Huntingdonshire
- Proportion: 3:5
- Adopted: 25 June 2009
- Designed by: The Huntingdonshire Society

= Flag of Huntingdonshire =

Flag of English county

The flag of Huntingdonshire is the county flag for the historic county of Huntingdonshire in England. It was enrolled on the UK Flags Register by the Flag Institute on 25 June 2009.

==Origin==

The Huntingdonshire Society's original proposal

The flag was first proposed by Rupert Barnes of the Huntingdonshire Society which promotes the traditional county status of Huntingdonshire. The Society's original design was published in June 2007.

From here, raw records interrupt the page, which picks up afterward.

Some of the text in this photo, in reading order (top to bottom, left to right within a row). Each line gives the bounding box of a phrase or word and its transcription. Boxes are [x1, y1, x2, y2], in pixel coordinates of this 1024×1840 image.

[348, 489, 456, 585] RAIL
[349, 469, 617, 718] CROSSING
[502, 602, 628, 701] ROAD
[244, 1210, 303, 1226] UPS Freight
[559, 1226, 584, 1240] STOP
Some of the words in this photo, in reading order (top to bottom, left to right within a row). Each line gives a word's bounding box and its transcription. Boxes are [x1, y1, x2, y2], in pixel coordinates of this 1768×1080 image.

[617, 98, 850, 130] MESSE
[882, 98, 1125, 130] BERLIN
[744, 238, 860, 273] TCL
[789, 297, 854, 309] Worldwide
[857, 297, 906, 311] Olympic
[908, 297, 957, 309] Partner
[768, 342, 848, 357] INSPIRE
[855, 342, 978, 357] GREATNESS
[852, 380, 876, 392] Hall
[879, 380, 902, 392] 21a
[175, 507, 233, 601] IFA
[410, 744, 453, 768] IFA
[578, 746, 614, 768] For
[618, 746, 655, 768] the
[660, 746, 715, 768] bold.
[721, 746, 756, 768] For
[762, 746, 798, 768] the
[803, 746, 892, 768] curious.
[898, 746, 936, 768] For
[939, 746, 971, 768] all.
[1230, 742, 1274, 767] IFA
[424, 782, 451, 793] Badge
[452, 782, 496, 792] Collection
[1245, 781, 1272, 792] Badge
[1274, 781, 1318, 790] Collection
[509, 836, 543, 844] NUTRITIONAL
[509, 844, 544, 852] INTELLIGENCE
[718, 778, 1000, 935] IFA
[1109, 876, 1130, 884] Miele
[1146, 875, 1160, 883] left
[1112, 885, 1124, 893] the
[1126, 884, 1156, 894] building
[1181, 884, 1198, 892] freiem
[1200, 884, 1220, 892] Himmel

In 2009, Graham Bartram, the Chief Vexillologist of the Flag Institute, proposed alterations to the design, which the Society accepted. This latter design was registered as the county flag.

==Design==

The flag was not an entirely original design; it is contained in the arms which the College of Arms granted in 1937 to Huntingdonshire County Council and which are now borne by Huntingdonshire District Council. The full achievement of the Huntingdonshire arms features as a crest:

On a Wreath of Argent and Azure a Lion rampant Gules gorged with a Collar flory counter-flory Or and supporting a Staff proper flying therefrom a Banner Vert charged with a Hunting Horn stringed Or

This banner, in plain English a green flag with a gold, beribboned hunting horn, then formed the basis of the county flag design.

The hunting horn as a symbol for the town of Huntingdon or for Huntingdonshire appears also on older civic heraldry, for example the arms of the former Borough of Huntingdon and Godmanchester.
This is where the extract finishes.